The provisional winning bid of $9.06 million, or just over $74 per acre, will allow Avangrid to begin scoping the 122,400-acre wind energy area roughly 24 nautical miles from Kitty Hawk with the possibility of building wind turbines in the coming years.
“We are very excited about this opportunity for Avangrid Renewables to play a leading role in the growing U.S. offshore wind industry, a reliable source of clean energy that has significant job-creation potential in North Carolina and the United States,” CEO James Torgerson said in a statement.
The company is expected to begin developing a site assessment plan for the area, including meteorological data collection, wildlife surveys and seafloor mapping. Any plan to further develop the site would require additional environmental review, including public hearings and federal permitting, officials said.
Energy Department scientists estimate the Kitty Hawk wind energy area has a wind-speed capacity of roughly 3 megawatts per square kilometer, sufficient to support roughly 1,500 megawatts of commercial wind turbines.
If built, the Kitty Hawk project would be the second undertaken by Avangrid in the Tar Heel State. The company recently began commercial operation of North Carolina’s first commercial wind power plant — the $400 million Amazon Wind Farm U.S. East near Elizabeth City.
Torgerson cited the company’s leading position in North Carolina, as well as the extensive experience of its parent, Iberdrola, in developing offshore wind farms in Europe as factors that made the company “well-positioned to secure this bid.”
The Kitty Hawk offshore wind lease auction was the seventh conducted by BOEM since the program’s inception in 2009, and it appears to be its second most lucrative. Last December, offshore energy giant Statoil ASA of Norway agreed to pay a record $42.5 million for the rights to develop 79,000 acres of sea surface off New York.
Statoil, through its U.S. wind energy subsidiary, was among the four companies vying for the North Carolina offshore lease, along with Wind Future LLC and WPD Offshore Alpha LLC. Five of the nine companies that initially qualified to participate in the BOEM auction dropped out before the opening round of bidding.

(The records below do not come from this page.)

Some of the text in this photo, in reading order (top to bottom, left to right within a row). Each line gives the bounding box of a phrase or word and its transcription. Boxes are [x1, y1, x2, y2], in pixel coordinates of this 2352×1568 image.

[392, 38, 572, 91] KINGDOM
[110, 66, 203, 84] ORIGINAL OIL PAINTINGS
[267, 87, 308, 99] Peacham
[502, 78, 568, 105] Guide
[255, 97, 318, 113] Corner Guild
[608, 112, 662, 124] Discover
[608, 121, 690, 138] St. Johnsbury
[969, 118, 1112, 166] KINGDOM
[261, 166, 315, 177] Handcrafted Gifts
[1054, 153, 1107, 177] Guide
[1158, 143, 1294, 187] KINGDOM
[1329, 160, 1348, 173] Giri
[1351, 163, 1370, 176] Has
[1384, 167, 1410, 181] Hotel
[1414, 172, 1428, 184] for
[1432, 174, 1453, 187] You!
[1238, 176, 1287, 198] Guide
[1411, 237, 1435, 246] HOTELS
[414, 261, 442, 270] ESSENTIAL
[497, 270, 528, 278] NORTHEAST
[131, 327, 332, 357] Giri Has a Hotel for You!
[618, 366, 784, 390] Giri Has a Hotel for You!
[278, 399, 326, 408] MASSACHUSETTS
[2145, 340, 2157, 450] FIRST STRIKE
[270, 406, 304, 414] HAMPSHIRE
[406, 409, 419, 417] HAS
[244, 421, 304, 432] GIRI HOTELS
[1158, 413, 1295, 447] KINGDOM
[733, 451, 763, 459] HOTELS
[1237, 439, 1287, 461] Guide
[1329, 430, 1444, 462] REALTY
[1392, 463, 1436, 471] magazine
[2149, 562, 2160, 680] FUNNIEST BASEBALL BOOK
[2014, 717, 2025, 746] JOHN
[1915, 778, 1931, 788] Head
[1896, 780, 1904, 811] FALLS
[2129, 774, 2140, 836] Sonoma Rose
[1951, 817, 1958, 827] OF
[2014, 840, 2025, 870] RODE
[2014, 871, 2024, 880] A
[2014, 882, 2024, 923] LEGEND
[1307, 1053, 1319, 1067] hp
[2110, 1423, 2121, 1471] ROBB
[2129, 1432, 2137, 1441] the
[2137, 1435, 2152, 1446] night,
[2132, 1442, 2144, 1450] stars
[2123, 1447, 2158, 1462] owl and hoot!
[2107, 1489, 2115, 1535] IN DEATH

BOEM said it has been working with the North Carolina Renewable Energy Task Force since 2010 to identify an area of sufficient size for offshore wind development, while avoiding ecologically sensitive areas and multiple-use conflicts.
Interior Secretary Ryan Zinke said the success of the North Carolina lease sale “reflects the continued interest of coastal communities to develop their offshore energy resources,” adding that “offshore wind is one tool in the all-of-the-above energy toolbox that will help power America with domestic energy, securing energy independence and bolstering the economy.”